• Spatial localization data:
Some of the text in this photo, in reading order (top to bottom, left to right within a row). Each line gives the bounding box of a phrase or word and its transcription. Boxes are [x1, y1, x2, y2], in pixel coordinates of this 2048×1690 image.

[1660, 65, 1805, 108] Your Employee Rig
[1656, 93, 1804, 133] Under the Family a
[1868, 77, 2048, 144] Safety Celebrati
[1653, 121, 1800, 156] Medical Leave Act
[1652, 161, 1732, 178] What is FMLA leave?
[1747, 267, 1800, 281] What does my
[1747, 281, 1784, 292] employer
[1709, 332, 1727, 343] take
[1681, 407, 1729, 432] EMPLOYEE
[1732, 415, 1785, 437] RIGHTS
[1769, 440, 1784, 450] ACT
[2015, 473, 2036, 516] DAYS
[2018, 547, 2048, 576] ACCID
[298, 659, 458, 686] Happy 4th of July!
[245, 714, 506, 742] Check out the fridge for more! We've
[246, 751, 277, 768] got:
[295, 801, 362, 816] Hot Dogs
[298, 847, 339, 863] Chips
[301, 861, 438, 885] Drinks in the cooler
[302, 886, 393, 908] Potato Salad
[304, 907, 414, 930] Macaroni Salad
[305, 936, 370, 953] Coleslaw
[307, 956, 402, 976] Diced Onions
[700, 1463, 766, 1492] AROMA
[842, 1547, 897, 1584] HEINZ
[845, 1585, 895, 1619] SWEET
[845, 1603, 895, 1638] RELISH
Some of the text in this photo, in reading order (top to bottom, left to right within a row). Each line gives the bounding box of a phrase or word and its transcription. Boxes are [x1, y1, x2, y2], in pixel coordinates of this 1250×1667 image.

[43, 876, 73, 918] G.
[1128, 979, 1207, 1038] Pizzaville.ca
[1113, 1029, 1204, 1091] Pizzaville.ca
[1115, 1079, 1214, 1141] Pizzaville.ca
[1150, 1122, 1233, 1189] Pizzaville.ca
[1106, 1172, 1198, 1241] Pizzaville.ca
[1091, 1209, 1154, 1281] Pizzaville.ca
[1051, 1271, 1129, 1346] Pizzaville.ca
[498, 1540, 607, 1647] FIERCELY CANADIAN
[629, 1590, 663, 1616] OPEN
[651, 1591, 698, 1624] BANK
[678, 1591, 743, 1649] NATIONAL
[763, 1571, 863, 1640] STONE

• PROBLEM: Each line of the data should be given back exactly.

• RESULT:
Some of the text in this photo, in reading order (top to bottom, left to right within a row). Each line gives the bounding box of a phrase or word and its transcription. Boxes are [x1, y1, x2, y2], in pixel coordinates of this 2048×1690 image.

[1660, 65, 1805, 108] Your Employee Rig
[1656, 93, 1804, 133] Under the Family a
[1868, 77, 2048, 144] Safety Celebrati
[1653, 121, 1800, 156] Medical Leave Act
[1652, 161, 1732, 178] What is FMLA leave?
[1747, 267, 1800, 281] What does my
[1747, 281, 1784, 292] employer
[1709, 332, 1727, 343] take
[1681, 407, 1729, 432] EMPLOYEE
[1732, 415, 1785, 437] RIGHTS
[1769, 440, 1784, 450] ACT
[2015, 473, 2036, 516] DAYS
[2018, 547, 2048, 576] ACCID
[298, 659, 458, 686] Happy 4th of July!
[245, 714, 506, 742] Check out the fridge for more! We've
[246, 751, 277, 768] got:
[295, 801, 362, 816] Hot Dogs
[298, 847, 339, 863] Chips
[301, 861, 438, 885] Drinks in the cooler
[302, 886, 393, 908] Potato Salad
[304, 907, 414, 930] Macaroni Salad
[305, 936, 370, 953] Coleslaw
[307, 956, 402, 976] Diced Onions
[700, 1463, 766, 1492] AROMA
[842, 1547, 897, 1584] HEINZ
[845, 1585, 895, 1619] SWEET
[845, 1603, 895, 1638] RELISH
Some of the text in this photo, in reading order (top to bottom, left to right within a row). Each line gives the bounding box of a phrase or word and its transcription. Boxes are [x1, y1, x2, y2], in pixel coordinates of this 1250×1667 image.

[43, 876, 73, 918] G.
[1128, 979, 1207, 1038] Pizzaville.ca
[1113, 1029, 1204, 1091] Pizzaville.ca
[1115, 1079, 1214, 1141] Pizzaville.ca
[1150, 1122, 1233, 1189] Pizzaville.ca
[1106, 1172, 1198, 1241] Pizzaville.ca
[1091, 1209, 1154, 1281] Pizzaville.ca
[1051, 1271, 1129, 1346] Pizzaville.ca
[498, 1540, 607, 1647] FIERCELY CANADIAN
[629, 1590, 663, 1616] OPEN
[651, 1591, 698, 1624] BANK
[678, 1591, 743, 1649] NATIONAL
[763, 1571, 863, 1640] STONE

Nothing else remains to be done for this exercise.